» WHAT THE EXERCISE ASKS: All that is wanted is the exact text of the lines below from the one with "this 2048×1536 image." through the one with "this 1280×1080 image.", inclusive, minus any pictures.

[Spatial localization data]
---

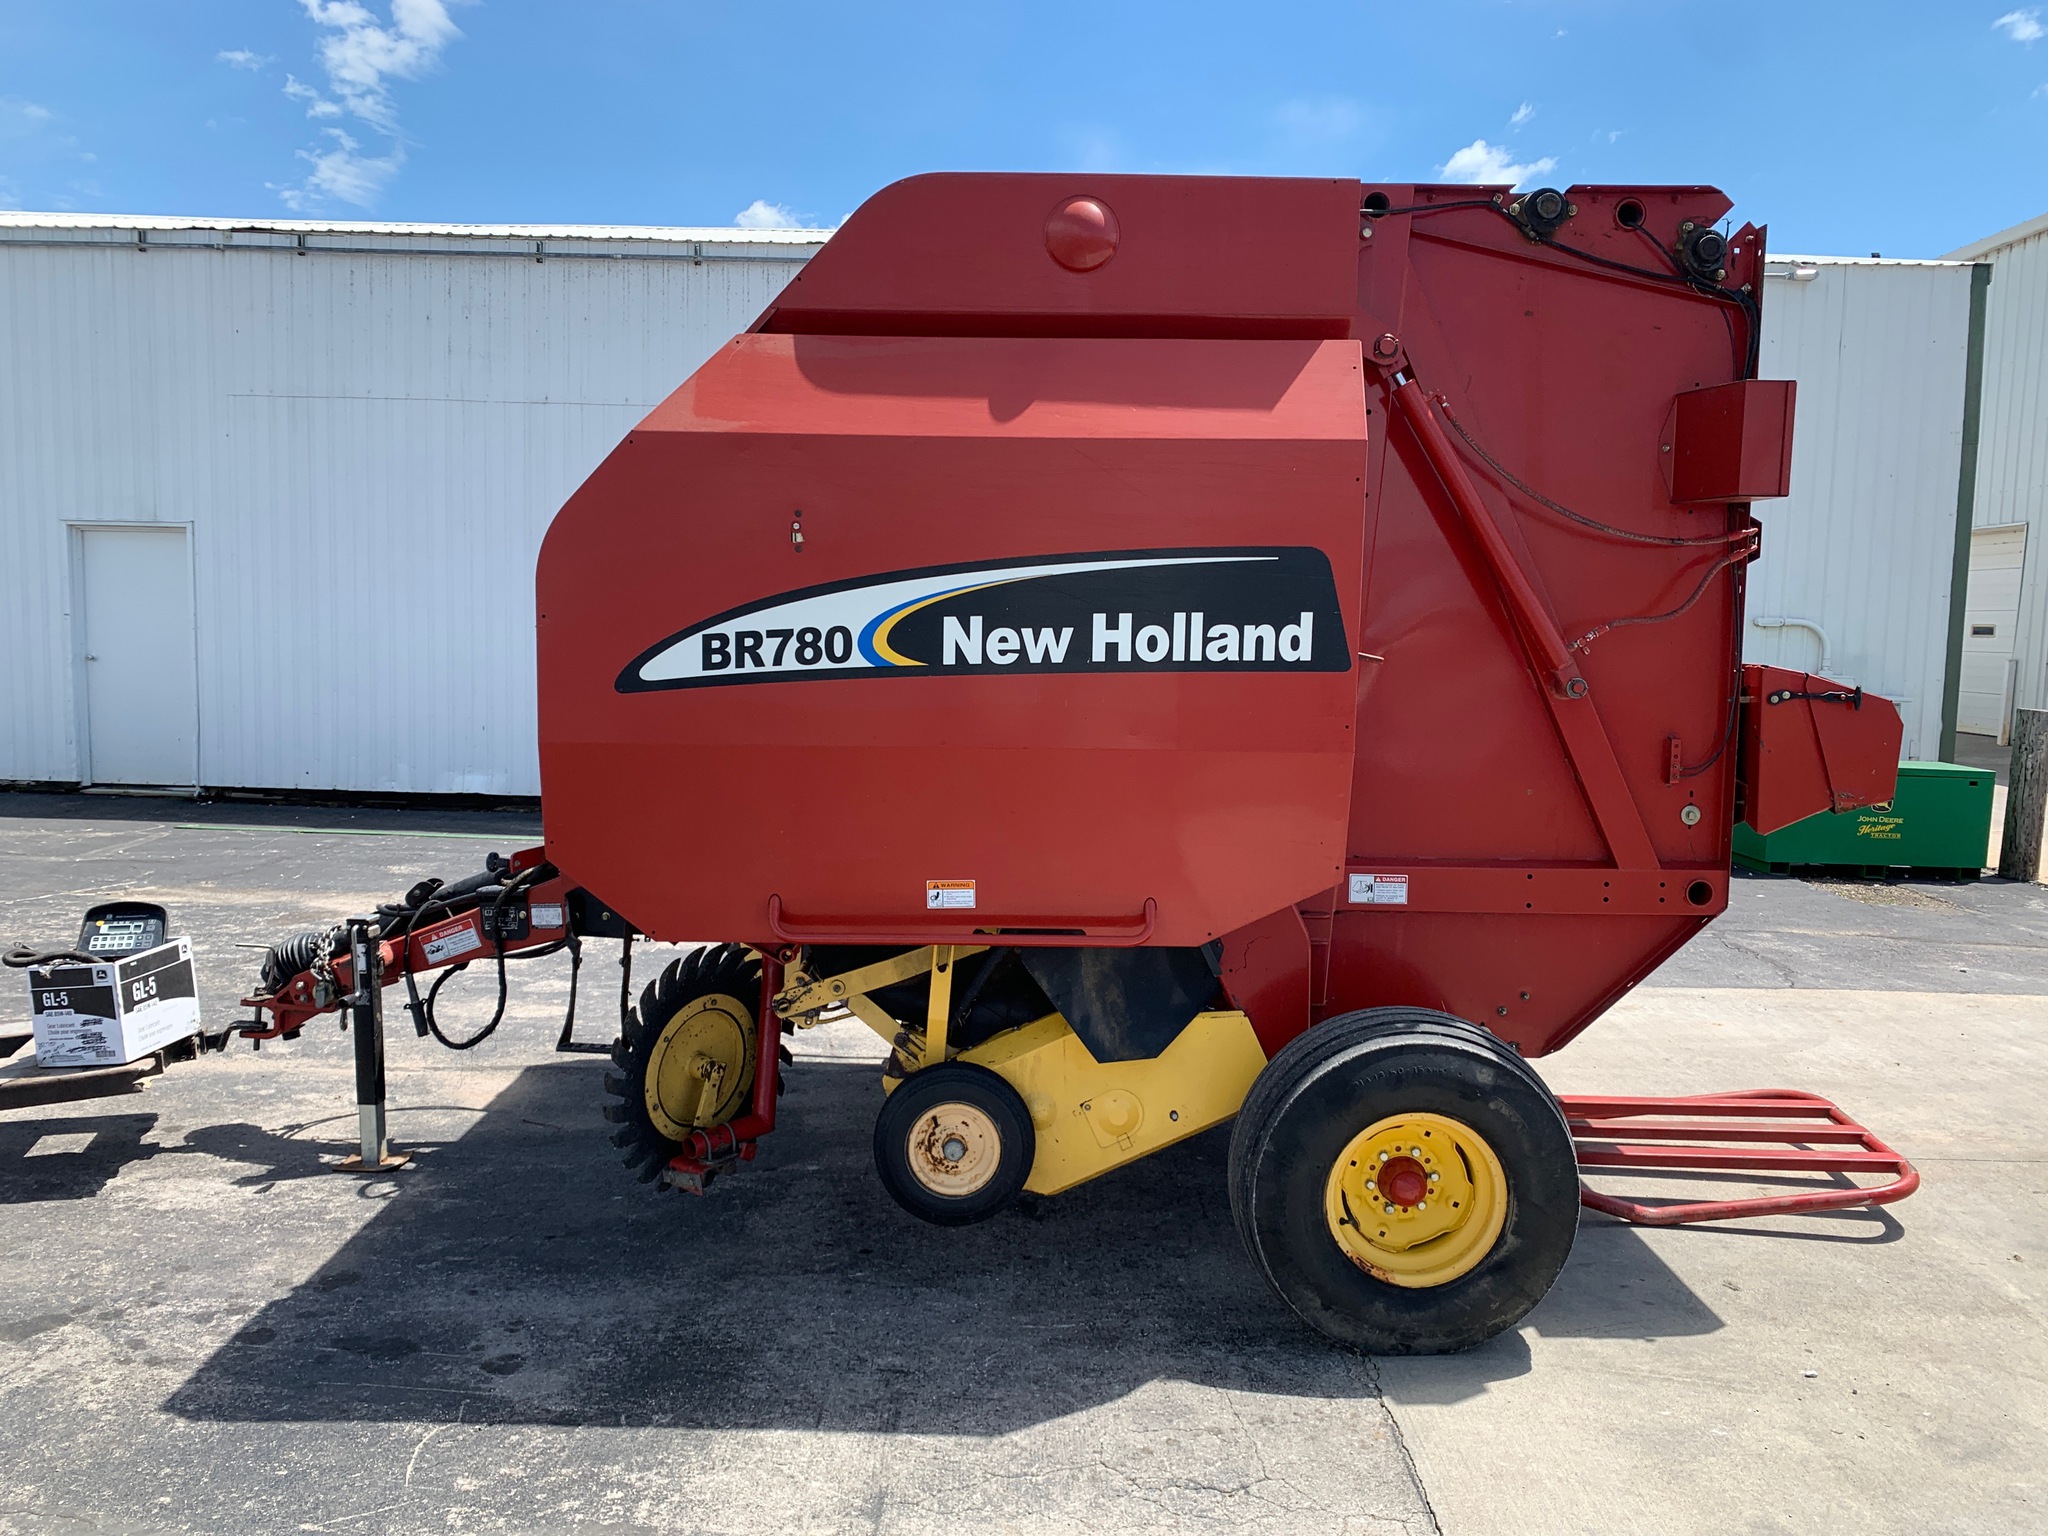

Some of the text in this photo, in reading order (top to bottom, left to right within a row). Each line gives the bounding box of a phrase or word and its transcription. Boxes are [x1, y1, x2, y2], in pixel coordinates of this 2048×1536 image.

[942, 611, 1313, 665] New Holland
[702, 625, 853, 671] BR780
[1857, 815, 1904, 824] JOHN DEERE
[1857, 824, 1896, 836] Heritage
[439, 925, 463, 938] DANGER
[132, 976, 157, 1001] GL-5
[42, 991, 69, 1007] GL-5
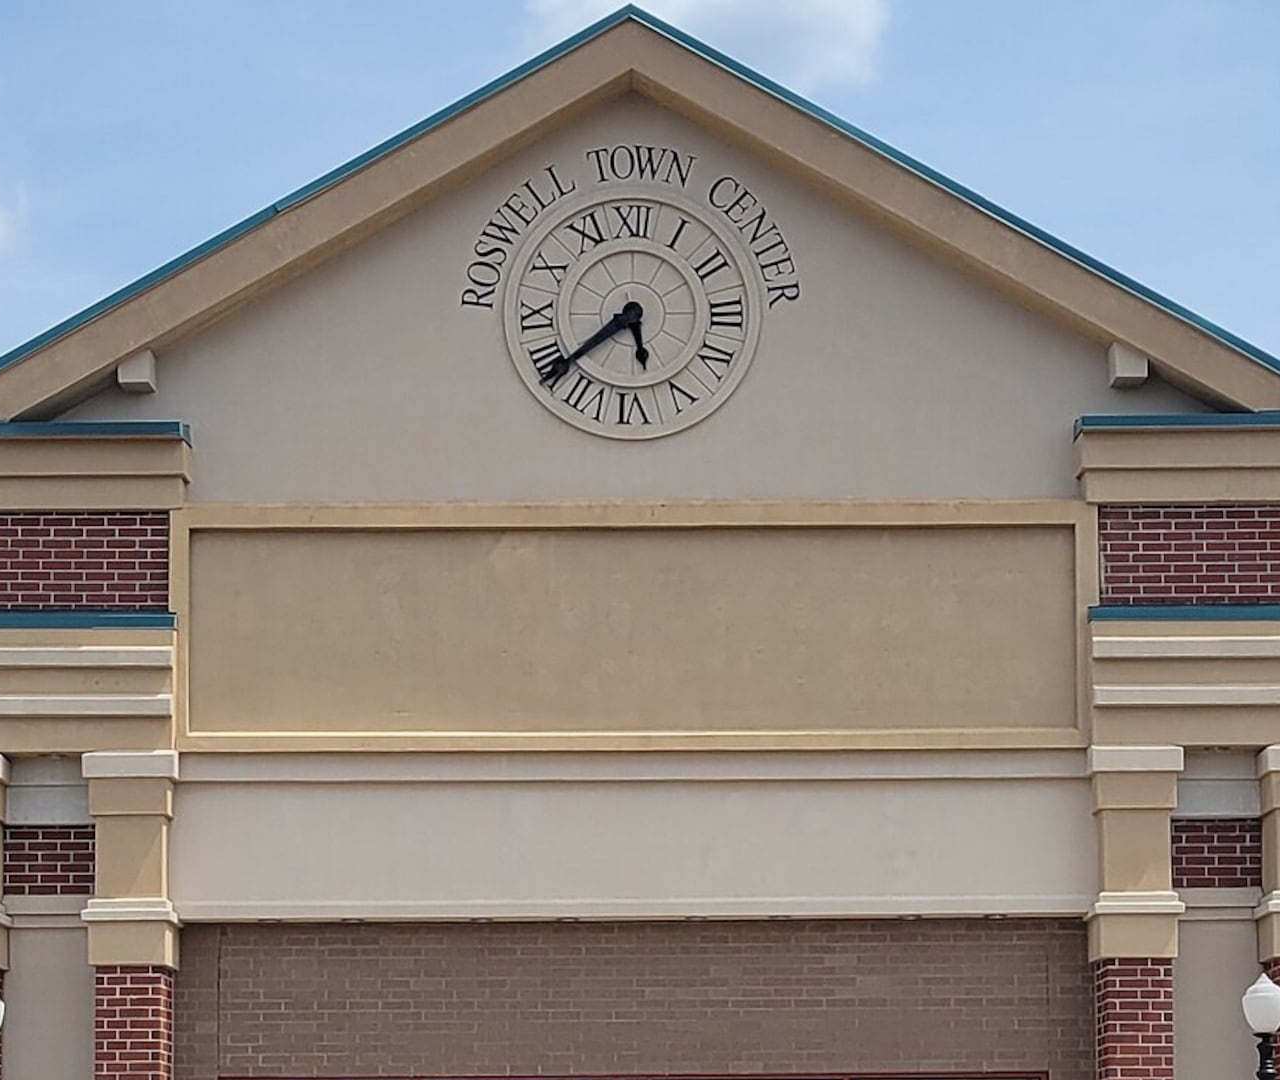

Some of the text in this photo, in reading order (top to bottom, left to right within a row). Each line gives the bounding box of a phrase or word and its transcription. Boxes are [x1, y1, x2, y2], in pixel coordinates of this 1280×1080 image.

---

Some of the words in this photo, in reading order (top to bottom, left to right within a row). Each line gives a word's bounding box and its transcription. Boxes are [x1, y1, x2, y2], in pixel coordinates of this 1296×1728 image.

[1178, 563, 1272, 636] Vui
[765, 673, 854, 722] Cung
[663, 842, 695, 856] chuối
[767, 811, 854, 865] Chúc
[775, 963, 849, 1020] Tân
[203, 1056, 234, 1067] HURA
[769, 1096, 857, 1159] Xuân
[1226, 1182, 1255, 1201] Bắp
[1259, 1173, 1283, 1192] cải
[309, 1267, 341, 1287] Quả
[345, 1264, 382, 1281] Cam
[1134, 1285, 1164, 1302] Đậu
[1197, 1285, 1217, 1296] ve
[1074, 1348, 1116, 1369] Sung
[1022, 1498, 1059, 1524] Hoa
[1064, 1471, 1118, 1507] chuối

---

» EXERCISE RESPONSE:
Some of the text in this photo, in reading order (top to bottom, left to right within a row). Each line gives the bounding box of a phrase or word and its transcription. Boxes are [x1, y1, x2, y2], in pixel coordinates of this 2048×1536 image.

[942, 611, 1313, 665] New Holland
[702, 625, 853, 671] BR780
[1857, 815, 1904, 824] JOHN DEERE
[1857, 824, 1896, 836] Heritage
[439, 925, 463, 938] DANGER
[132, 976, 157, 1001] GL-5
[42, 991, 69, 1007] GL-5

Some of the text in this photo, in reading order (top to bottom, left to right within a row). Each line gives the bounding box of a phrase or word and its transcription. Boxes are [x1, y1, x2, y2], in pixel coordinates of this 1280×1080 image.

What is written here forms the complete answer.